Authors: White KK, Bompadre V, Shah SA, Redding GJ, Krengel WF III, Mackenzie WG, Children’s Spine Study Group, Growing Spine Study Group

Journal: Spine Deformity

Date: July 01, 2018

Excerpt: Growth-friendly techniques promote growth of the spine in patients with skeletal dysplasia. They are effective and appropriate in this patient population, and the risks are comparable to those for other patients with early-onset scoliosis.

Keywords: EOS; Skeletal Dysplasia; Pulmonary; Kyphoscoliosis

Summary:

 

What is the purpose of this study?

Skeletal dysplasia has limited growth potential in late childhood and the potential for higher complications relative to other early onset scoliosis children.
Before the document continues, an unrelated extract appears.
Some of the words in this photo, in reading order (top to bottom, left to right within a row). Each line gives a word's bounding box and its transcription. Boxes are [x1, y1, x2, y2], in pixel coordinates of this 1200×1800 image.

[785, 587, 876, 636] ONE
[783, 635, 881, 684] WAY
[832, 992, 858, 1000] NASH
This study reviewed the diverse population of skeletal dysplasia to determine the effectiveness of growth friendly surgery with respect to spine growth and elevated risks with these children.

Results

  • 23 patients with skeletal dysplasia and 23 patients without skeletal dysplasia that were treated with growth friendly surgical treatment were reviewed.
  • Percentage of spine growth at initial implant and final follow up was not statistically different between groups.
  • Complications were similar between groups. The control group had more pulmonary complications, while the skeletal dysplasia group had more neuromonitoring changes during surgery.
  • The skeletal dysplasia group had a greater complication per patient ratio (2.43/patient versus the control group 1.73/patient)
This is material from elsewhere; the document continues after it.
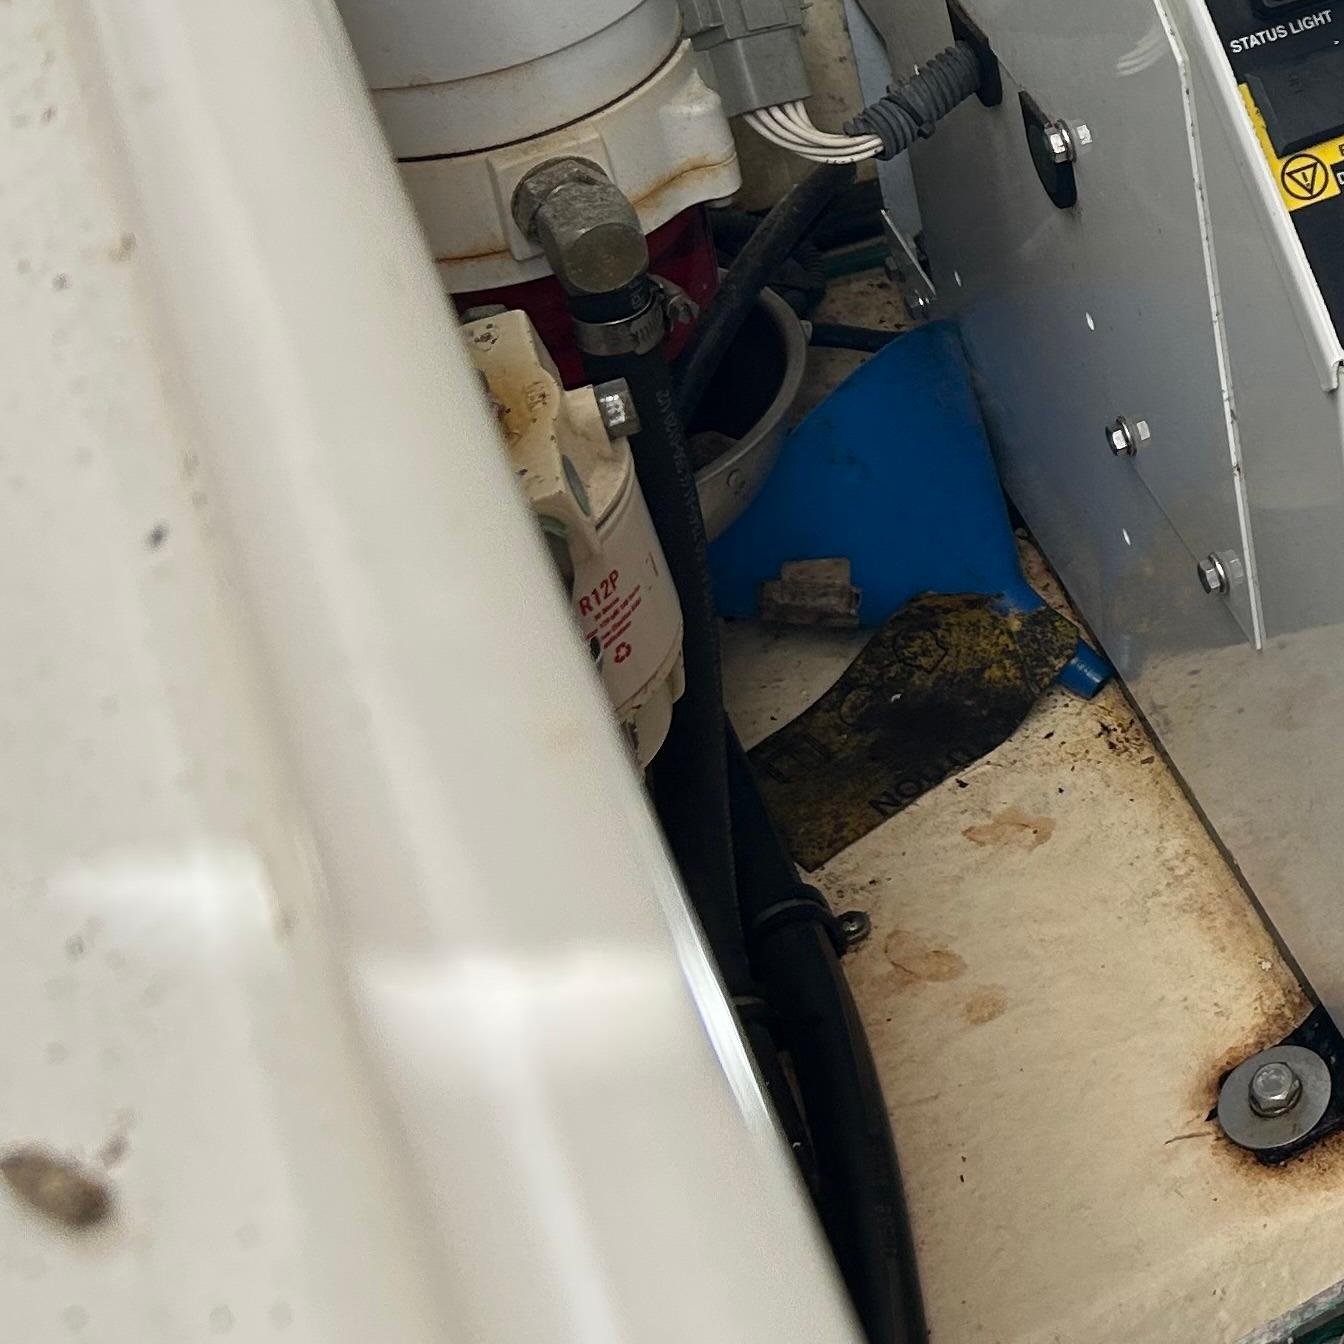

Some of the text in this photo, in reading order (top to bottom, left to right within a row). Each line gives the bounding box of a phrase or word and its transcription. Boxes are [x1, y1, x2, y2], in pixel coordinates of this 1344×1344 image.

Important Discussion Points

  • Growth friendly approaches have been encouraged in the skeletal dysplasia population with increased awareness of potential pulmonary function compromise with early fusion.
  • Scoliosis in this population can be corrected and maintained, but kyphosis, which is more prevalent in this population, does not improve with treatment.
  • The efficacy of growth friendly surgery is demonstrated in this patient population.
  • Overall rate of complication in growth friendly surgical treatment is not higher in this population. Neuromonitoring changes were increased likely due to increased kyphotic deformity found in skeletal dysplasia.
  • Results are based on a very limited group of skeletal dysplasia patients, compared to an equally limited group.